Twenty-five kilometers west of Florence, near Carmignano, is Da Delfina. The dining room is brown and rustic; the real pleasure is on a broad terrace where lunch is served in the summer and early fall. It overlooks a forested valley, and in the distance stands what is perhaps—or if it is not, it should be—a hunting villa of the Medicis. The impulse is to linger until the October sun is descending toward the treetops.
A few minutes walk from the hotel—the Hilltop—in the university section of Tokyo, down what is almost an alley to a place you would never find if they hadn’t told you. I don’t remember its name—a soba restaurant, an animated, harmonious room filled mainly with men in business suits. Not another western face to be seen. The buckwheat noodles, freshly made in full view in the kitchen, are served with various sauces in lacquer boxes that are soon piled in front of you. Inexpensive and delicious, and the reason you travel—to enter another world.
K.S.
BALSAMIC VINEGAR
Balsamic vinegar, deep brown in color and aromatic, is a product of Modena, a city also renowned for zampone, a sausage that earned the heartfelt praise of Garibaldi.
The genuine vinegar, as made in country houses in the region, can take thirty or forty years or even generations to produce, being moved with exceeding slowness through a series of wooden casks—oak, chestnut, and juniper—absorbing their flavors as well as those of the preceding vinegar. There is evaporation during the hot summers and maturing in the cold, damp winters. The liquid is so prized that in centuries past, small quantities have figured in wills and bequests.
The unique flavor, sweet and tart, is powerful, and only a few drops added to a regular vinegar-and-oil salad dressing, a pasta sauce, or the sauce of cooked meat or chicken will enhance it. Genuine balsamic vinegar is hard to find. The commercial variety is only okay. “Balsamic” means “health-giving.” In earlier times the vinegar was used medicinally, and it still can serve as a digestif.
ESCOFFIER
Auguste Escoffier is considered by many to be the greatest chef in the history of cooking. Born on this day in 1846, he may hold the record for the longest active career in the field. He went to work at age thirteen in his uncle’s restaurant in Nice. Six years later, he was a chef in his own right in Paris, and by the time he was in his early forties, he was in charge of the kitchen at the world-famous Savoy Hotel in London.

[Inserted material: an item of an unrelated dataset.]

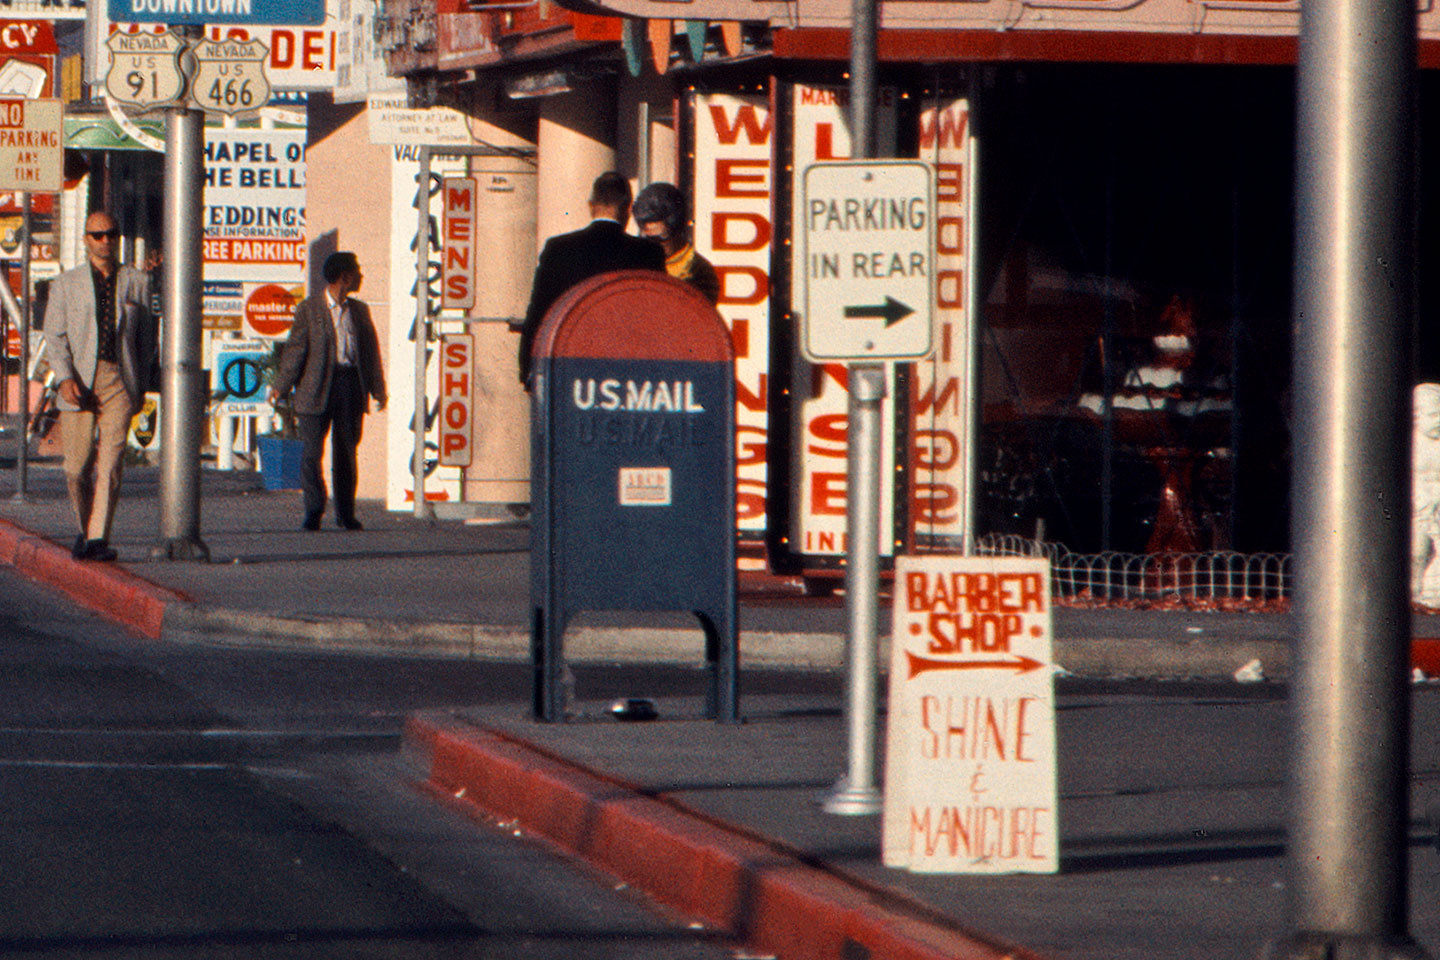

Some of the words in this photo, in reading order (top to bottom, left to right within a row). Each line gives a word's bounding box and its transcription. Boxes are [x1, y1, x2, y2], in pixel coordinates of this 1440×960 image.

He followed the lead of Prosper Montagne, another great chef at the time, who believed that the quality of restaurant food was suffering at the expense of elaborate presentation. Escoffier became the standard-bearer in favor of simplifying menus, reducing elaborate decoration of food, speeding up service so food would arrive hot at the table, and organizing cooking teams to prepare dishes with more expertise and efficiency.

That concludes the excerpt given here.